For the same reasons that birds sing: to establish territories and attract mates. In the UK, the great spotted woodpecker is the one you’re most likely to hear – it has a strong, fast drum of 6–20 strikes per second that can be heard up to 500m away. The lesser spotted woodpecker has a longer, quieter, more rapid drum, reminiscent of a drill when heard from a distance. Green woodpeckers rarely drum, but when they do, the sound is softer and longer.
2 HOW DOES IT NOT HURT?
Woodpeckers have various adaptations that prevent them from sustaining injury from drumming. They have thicker skulls with air pockets that cushion their brains, strong neck muscles that allow them to hammer away for extended periods, and thick, straight bills that can withstand the impact of the repeated strikes.

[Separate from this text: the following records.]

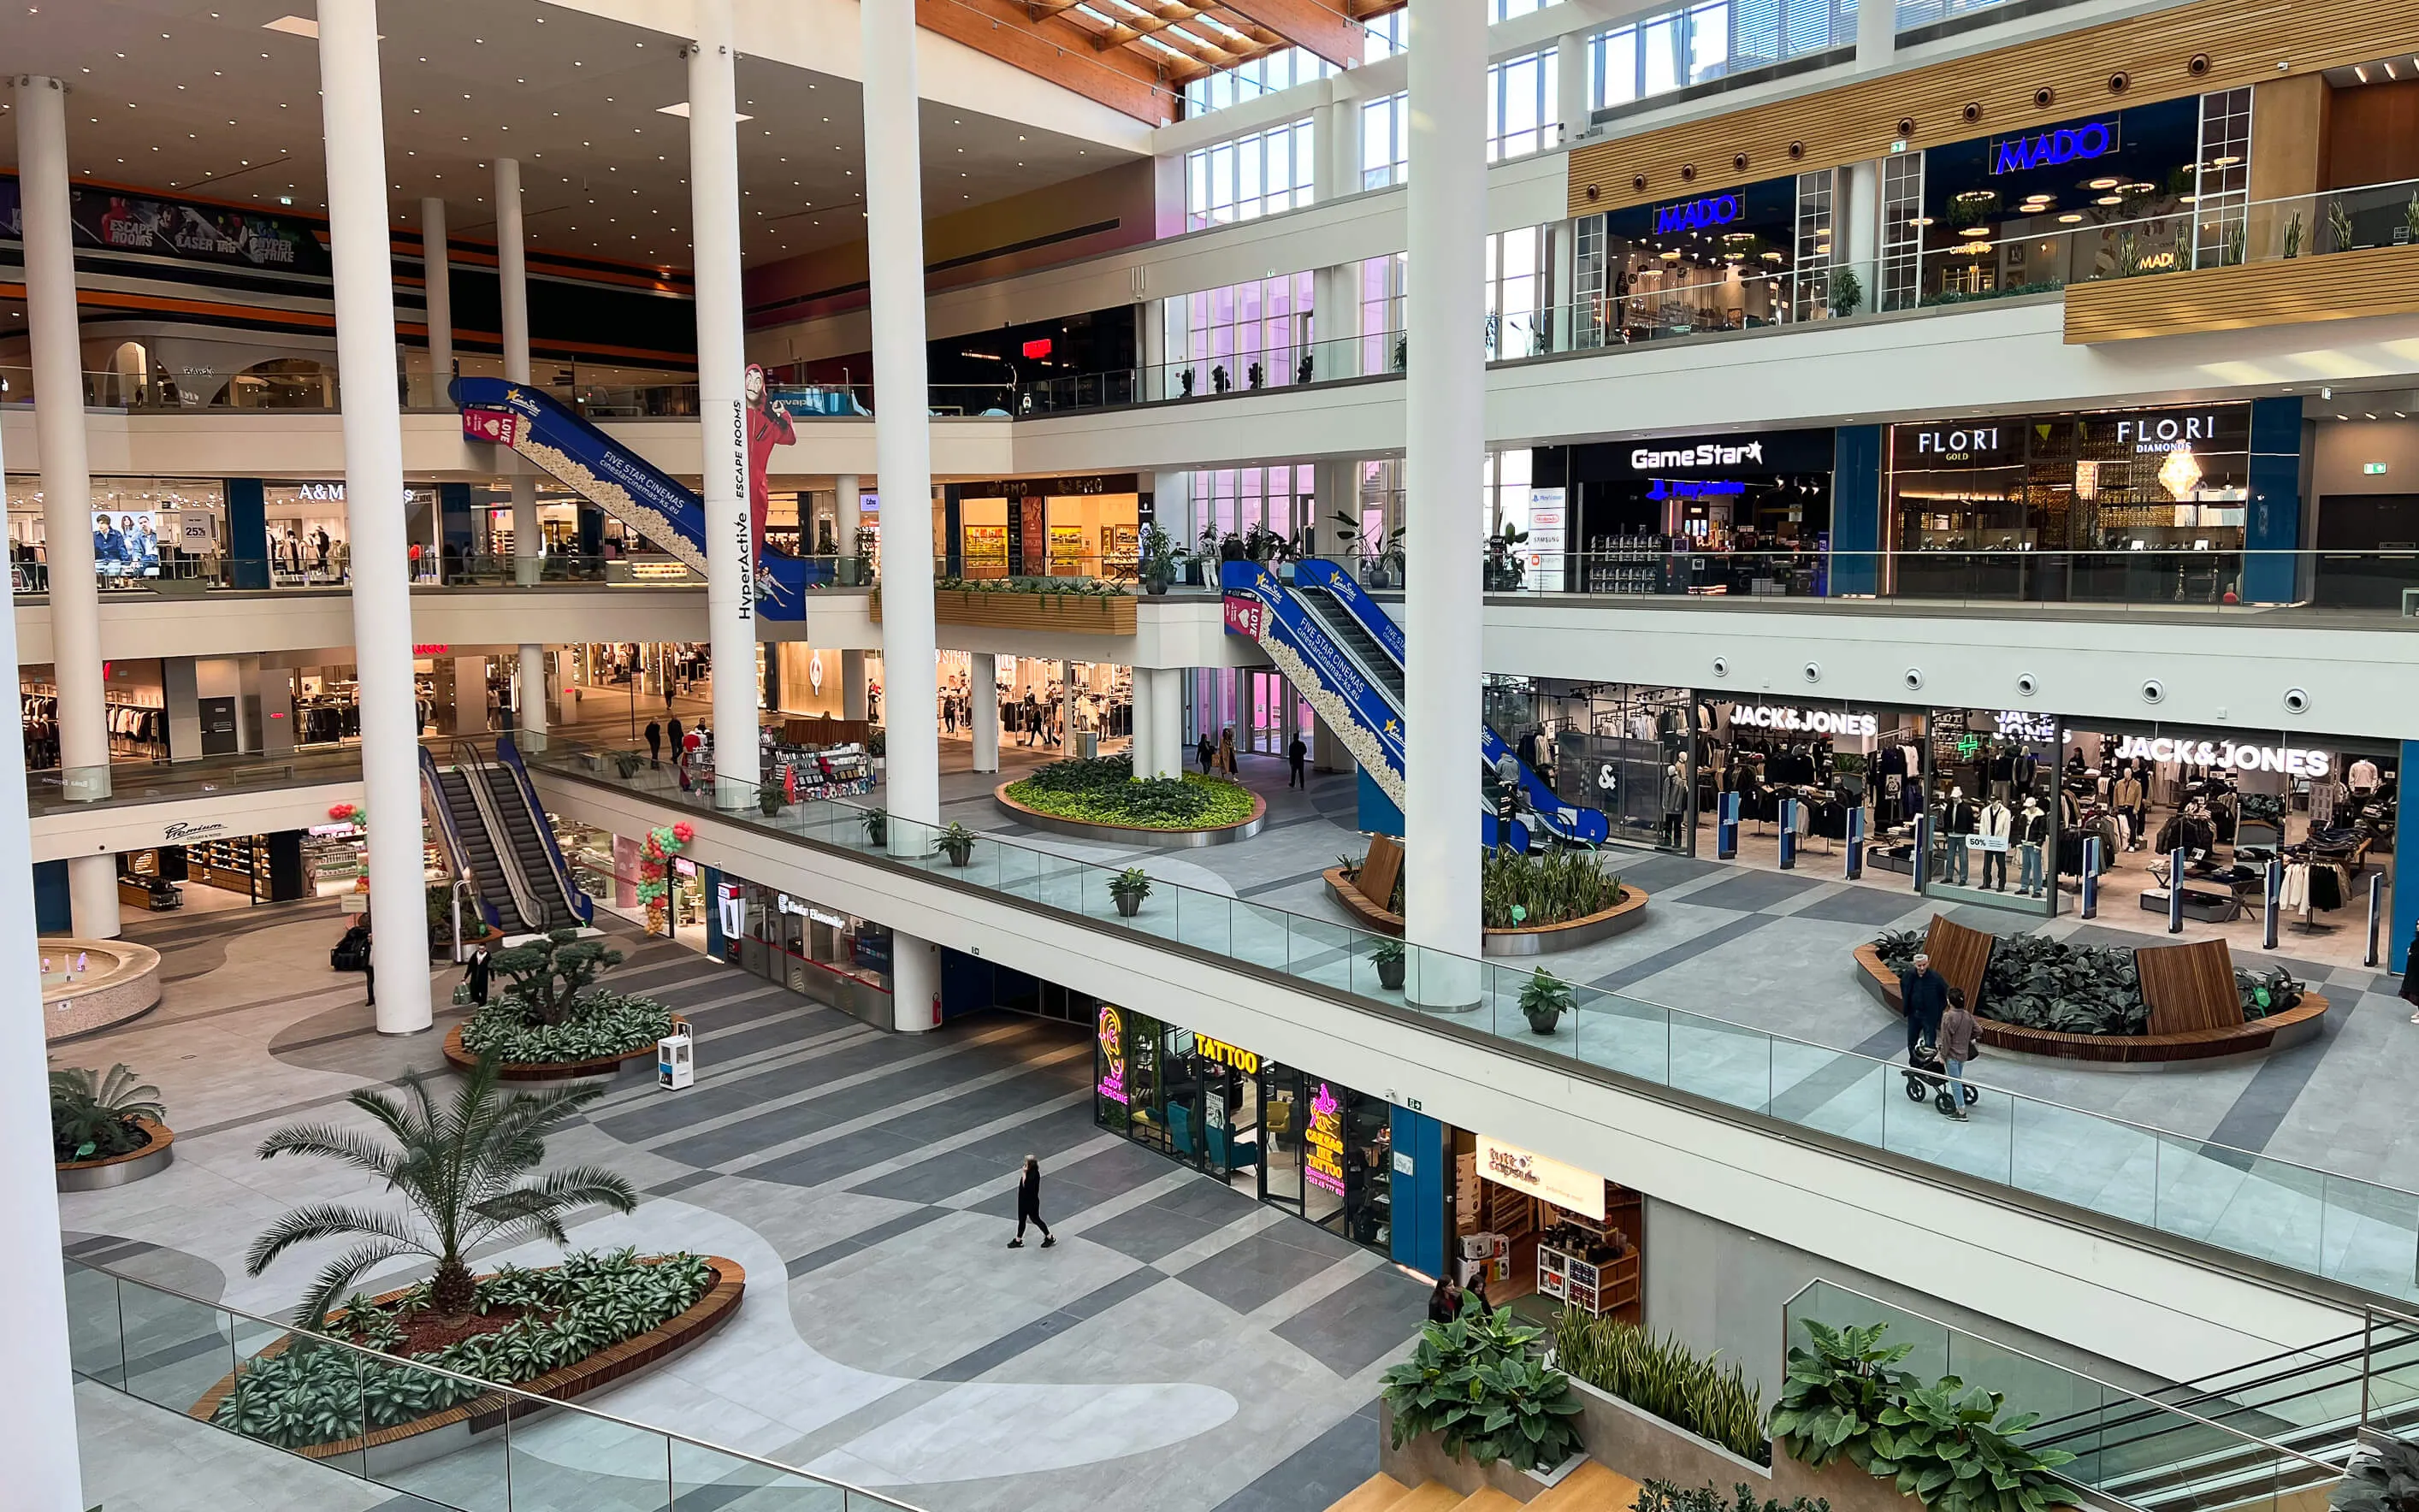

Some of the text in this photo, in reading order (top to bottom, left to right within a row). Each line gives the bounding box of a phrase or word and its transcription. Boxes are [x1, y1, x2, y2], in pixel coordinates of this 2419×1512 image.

[1996, 122, 2109, 174] MADO
[109, 219, 154, 235] ESCAPE
[1657, 194, 1737, 234] MADO
[111, 231, 153, 247] ROOMS
[176, 236, 213, 251] LASER
[500, 418, 513, 444] LOVE
[1919, 428, 1998, 453] FLORI
[2116, 416, 2215, 444] FLORI
[1631, 440, 1759, 470] GameStar
[1945, 452, 1969, 461] GOLD
[2136, 442, 2192, 453] DIAMONDS
[599, 459, 680, 515] cinestarcinemas-ks.eu
[603, 451, 685, 509] FIVE STAR CINEMAS
[733, 399, 751, 621] HyperActive ESCAPE ROOMS
[186, 527, 206, 536] 25%
[1250, 606, 1259, 637] LOVE
[1385, 624, 1399, 640] FIVE
[1297, 627, 1360, 701] cinestarcinemas-ks.eu
[1299, 617, 1365, 694] FIVE STAR CINEMAS
[1730, 703, 1877, 737] JACK&JONES
[2114, 735, 2329, 777] JACK&JONES
[1598, 764, 1617, 790] &
[164, 822, 223, 840] Premium
[1970, 838, 1986, 847] 50%
[1194, 1033, 1257, 1075] TATTOO
[1097, 1084, 1128, 1106] PIERCING
[1103, 1076, 1123, 1091] BODY
[1305, 1128, 1344, 1155] CAESAR
[1306, 1153, 1343, 1179] TATTOO
[1489, 1160, 1541, 1186] capsule
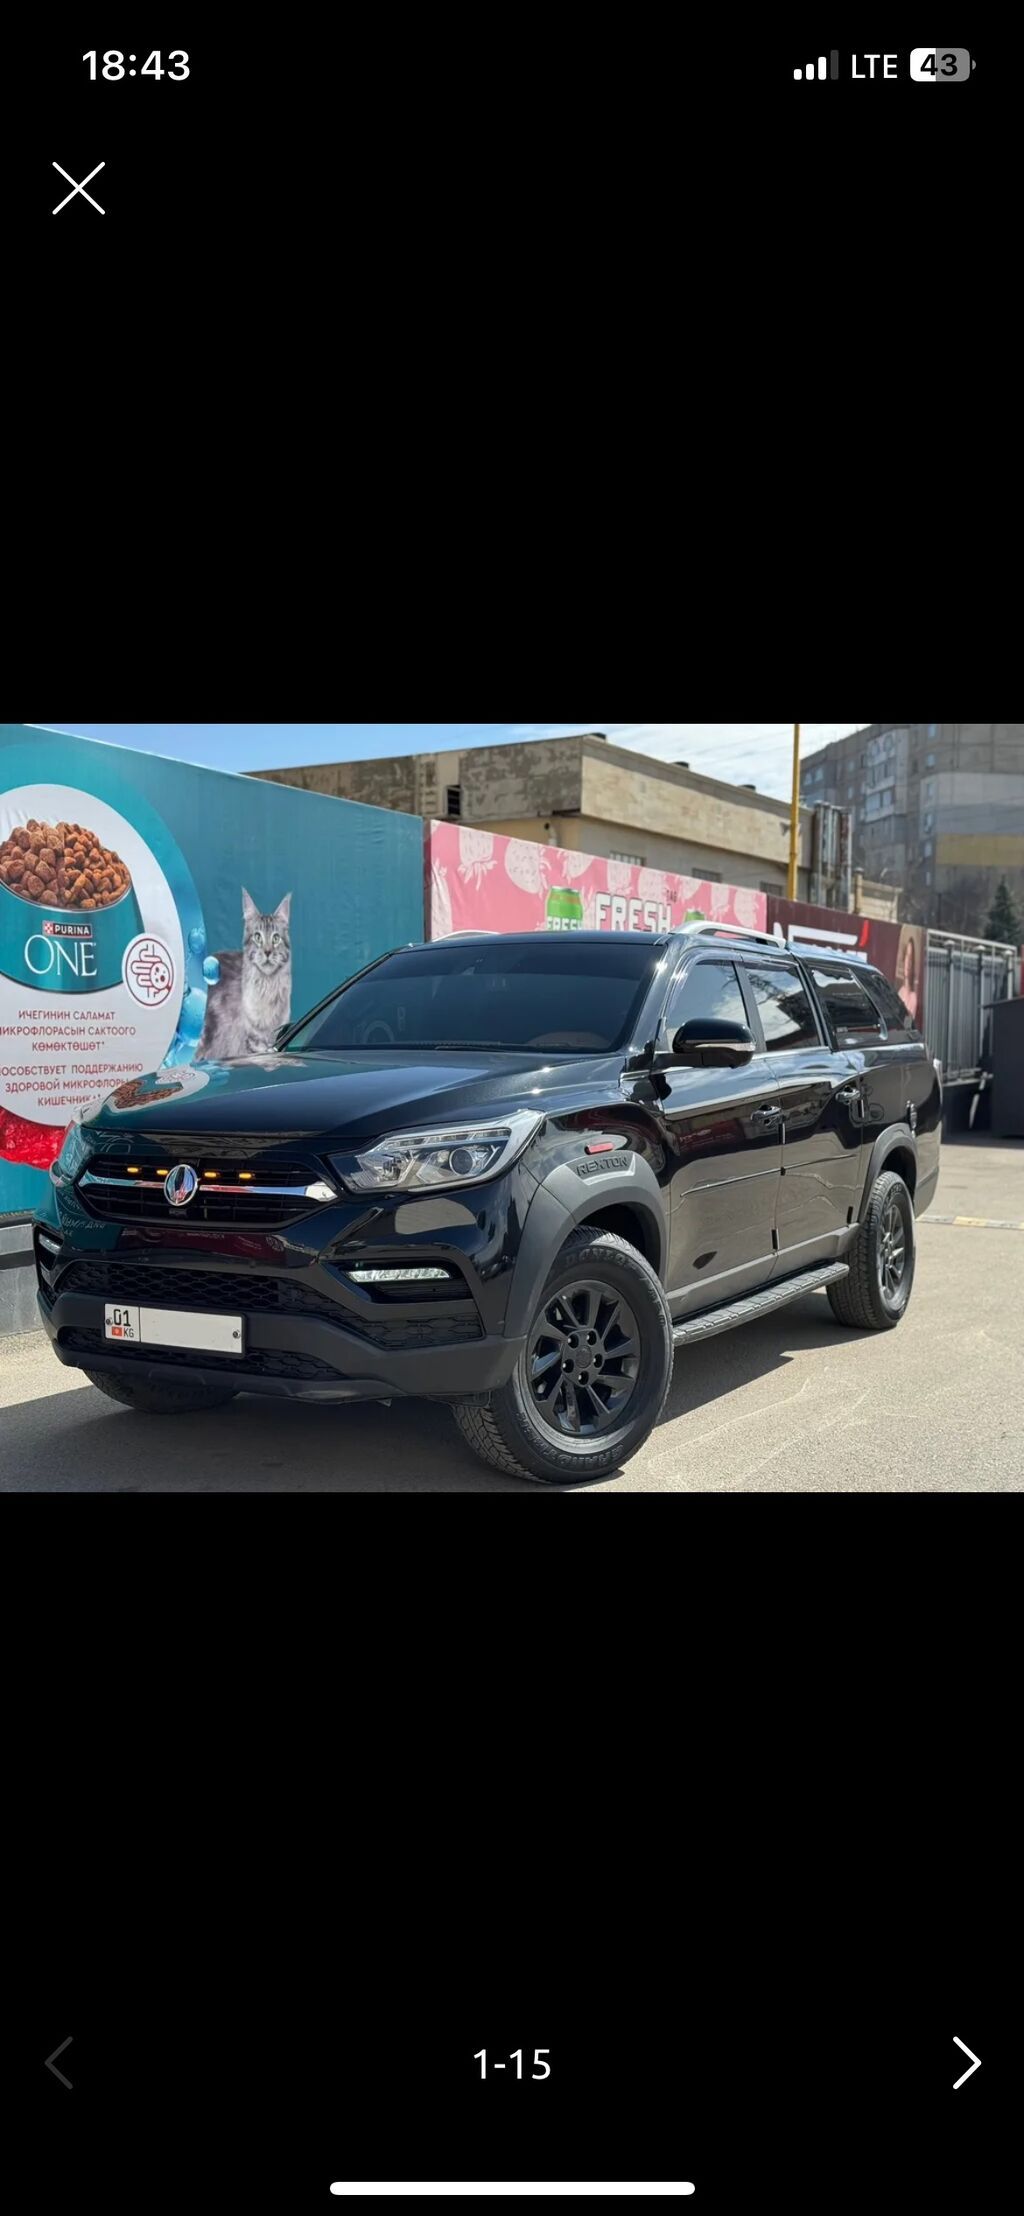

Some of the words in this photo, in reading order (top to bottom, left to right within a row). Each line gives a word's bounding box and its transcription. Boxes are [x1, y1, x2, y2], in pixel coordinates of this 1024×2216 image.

[596, 891, 671, 932] FRESH
[54, 924, 90, 935] PURINA
[24, 934, 97, 977] ONE
[18, 1010, 70, 1020] ИЧЕГИНИН
[73, 1011, 115, 1021] САЛАМАТ
[0, 1026, 85, 1036] ИКРОФЛОРАСЫН
[88, 1026, 136, 1036] САКТООГО
[0, 1065, 66, 1076] ОСОБСТВУЕТ
[71, 1063, 143, 1074] ПОДДЕРЖАНИЮ
[5, 1079, 60, 1093] ЗДОРОВОЙ
[576, 1156, 628, 1176] REXTON
[113, 1308, 131, 1326] 01
[123, 1328, 134, 1337] KG

The birds also have a coating of stiff bristles at the base of the bill, thought to protect their eyes and nostrils from flying debris. Woodpecker drumming can be heard all year round, but is most intense between late January and late April.
3 DO THEY DRUM ANYTHING OTHER THAN TREES?
Trees comprised of dead, hard wood are most sought after for drumming, as their resonance allows the sound to carry far and wide. Individuals can get quite attached to their favourite sounding posts. But woodpeckers have been known to use alternative sites, such as telegraph or flag poles. In the USA, the birds even drum on houses, causing so much damage that an entire industry exists to keep them at bay.